Il mondo del lavoro sta cambiando rapidamente, spinto da digitalizzazione, intelligenza artificiale, nuove generazioni e trasformazioni di mercato. In questo scenario, raccontare in modo trasparente il proprio impatto ambientale, sociale e di governance non è più un esercizio d'immagine, ma un modo concreto per costruire fiducia con chi lavora con noi e per noi.
Ecco perché vorremmo approfondire proprio cos'è una rendicontazione di sostenibilità, perché si redige e chi è davvero obbligato a farlo. Poi ti raccontiamo una scelta concreta: quella di Howay, che ha pubblicato la sua prima Relazione di Sostenibilità. Ti spieghiamo anche perché si chiama proprio "Relazione" e non "Rendicontazione", una differenza che ha un significato preciso. Il documento è disponibile per il download in fondo alla pagina.

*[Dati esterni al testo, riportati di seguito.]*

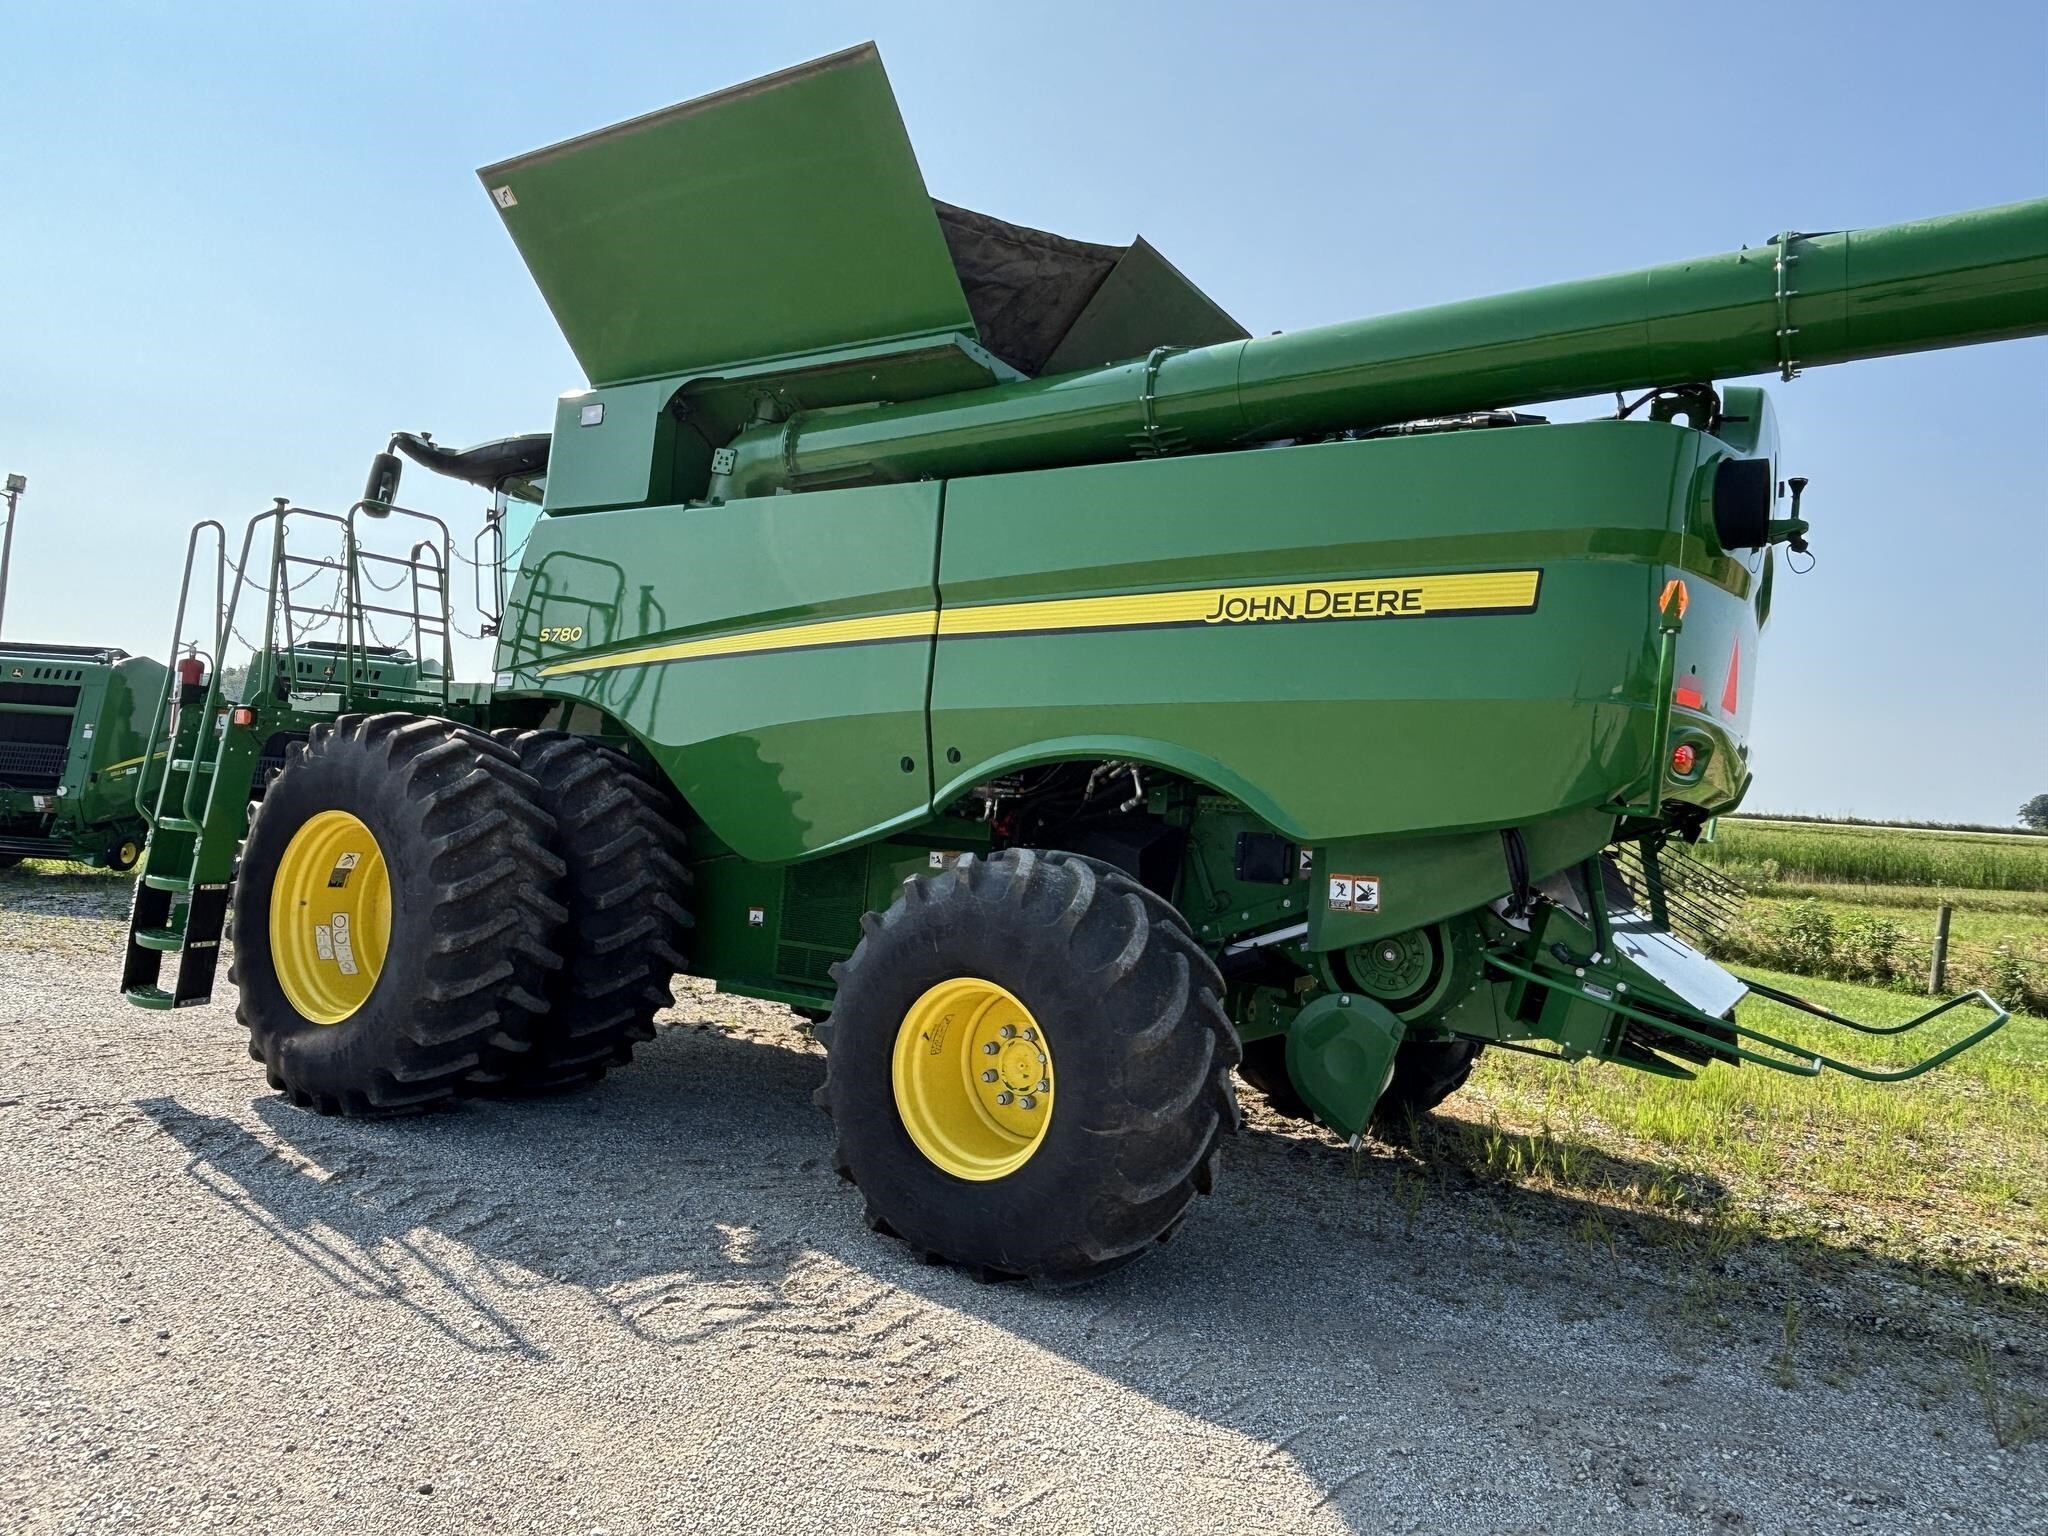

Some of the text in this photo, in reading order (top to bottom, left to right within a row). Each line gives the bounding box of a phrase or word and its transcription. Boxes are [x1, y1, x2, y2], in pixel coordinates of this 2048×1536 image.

[1206, 588, 1423, 620] JOHN DEERE
[539, 626, 583, 642] S780

La rendicontazione di sostenibilità è il documento con cui un'organizzazione misura e comunica i propri impegni e i propri impatti su tre dimensioni fondamentali: ambientale, sociale e di governance, quelle che vengono sintetizzate nell'acronimo ESG. In altre parole, è il modo con cui un'azienda mette nero su bianco non solo i risultati economici, ma anche l'effetto delle proprie attività sulle persone, sul territorio e sull'ambiente.
Perché un'impresa dovrebbe farlo? Le ragioni sono diverse e si rafforzano a vicenda. Il documento serve a dare trasparenza verso gli stakeholder — clienti, lavoratori, partner, istituzioni — offrendo una visione chiara e accessibile di come l'organizzazione interpreta la sostenibilità. Allo stesso tempo, rappresenta uno strumento interno prezioso, perché spinge a raccogliere, analizzare e sistematizzare dati che spesso restano sparsi. A tal proposito, a livello europeo il quadro di riferimento è rappresentato dagli European Sustainability Reporting Standards (ESRS), i principi previsti dalla normativa per garantire che le informazioni siano comparabili e affidabili.

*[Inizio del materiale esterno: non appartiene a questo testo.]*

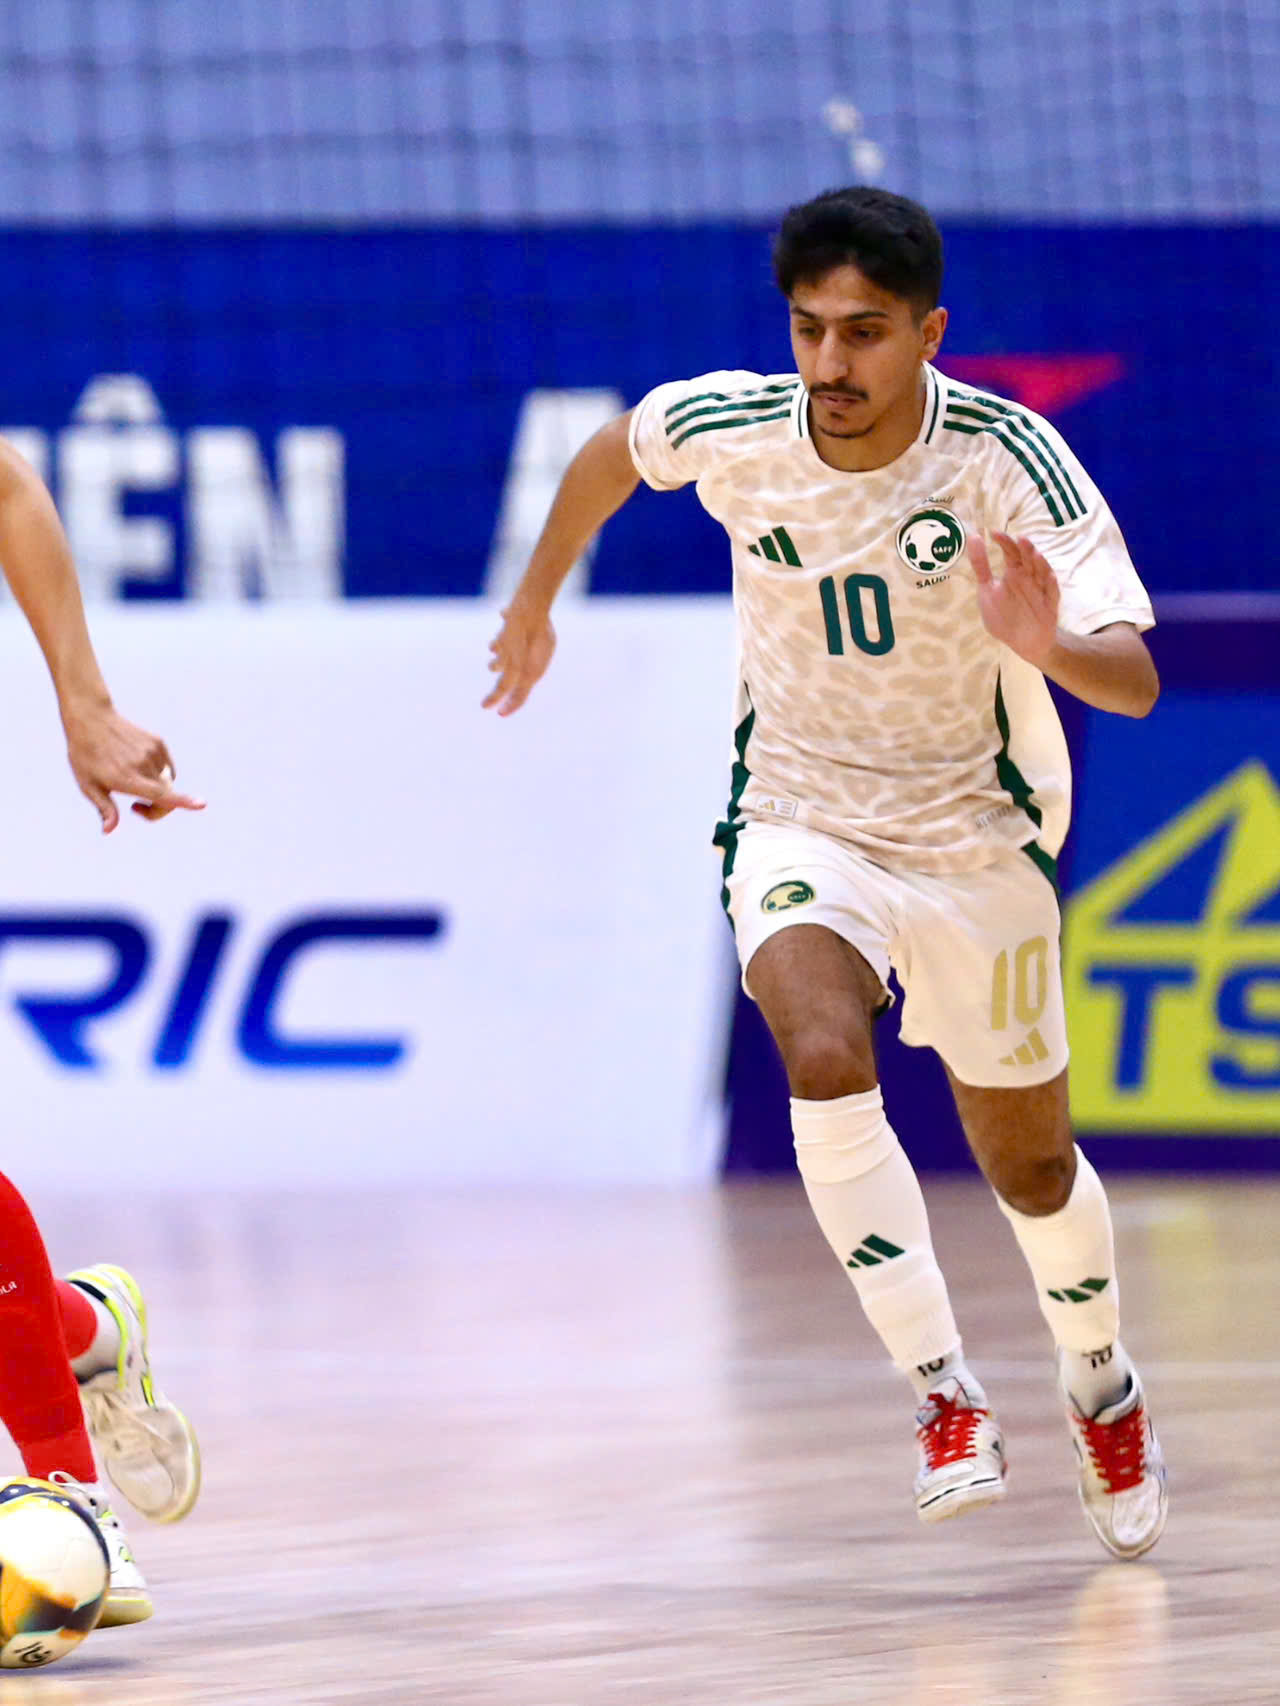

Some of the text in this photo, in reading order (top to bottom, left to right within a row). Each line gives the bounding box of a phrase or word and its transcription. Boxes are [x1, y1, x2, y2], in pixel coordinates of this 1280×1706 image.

Qui è utile fare chiarezza, perché la normativa è cambiata di recente. L'obbligo nasce dalla CSRD, recepita in Italia con il D.Lgs. 125/2024. Tra il 2025 e il 2026, però, l'Unione Europea è intervenuta con il pacchetto di semplificazione noto come Omnibus I, che ha ridisegnato in modo significativo il perimetro dei soggetti coinvolti.
Il risultato è che l'obbligo si concentra oggi sulle imprese di grandi dimensioni: in sintesi, le realtà che superano sia la soglia dei 1.000 dipendenti sia quella dei 450 milioni di euro di fatturato, oltre alle grandi società quotate già tenute a rendicontare. Gli Stati membri, Italia compresa, dovranno recepire le nuove regole entro il 19 marzo 2027. La conseguenza più rilevante è che la grande maggioranza delle piccole e medie imprese non rientra tra i soggetti obbligati.
Eppure molte organizzazioni scelgono di redigere comunque un documento di sostenibilità in forma volontaria. Le motivazioni sono concrete: rispondere alle richieste della propria filiera, rafforzare reputazione e competitività, attrarre e trattenere talenti sempre più attenti ai valori delle aziende per cui lavorano. È esattamente in questa cornice che si colloca la scelta di Howay.
Howay fa parte di W Group, il gruppo all'interno del quale opera anche MAW. Da alcuni anni MAW redige la propria rendicontazione di sostenibilità in forma volontaria, allineandosi progressivamente agli standard europei e costruendo un documento solido e completo.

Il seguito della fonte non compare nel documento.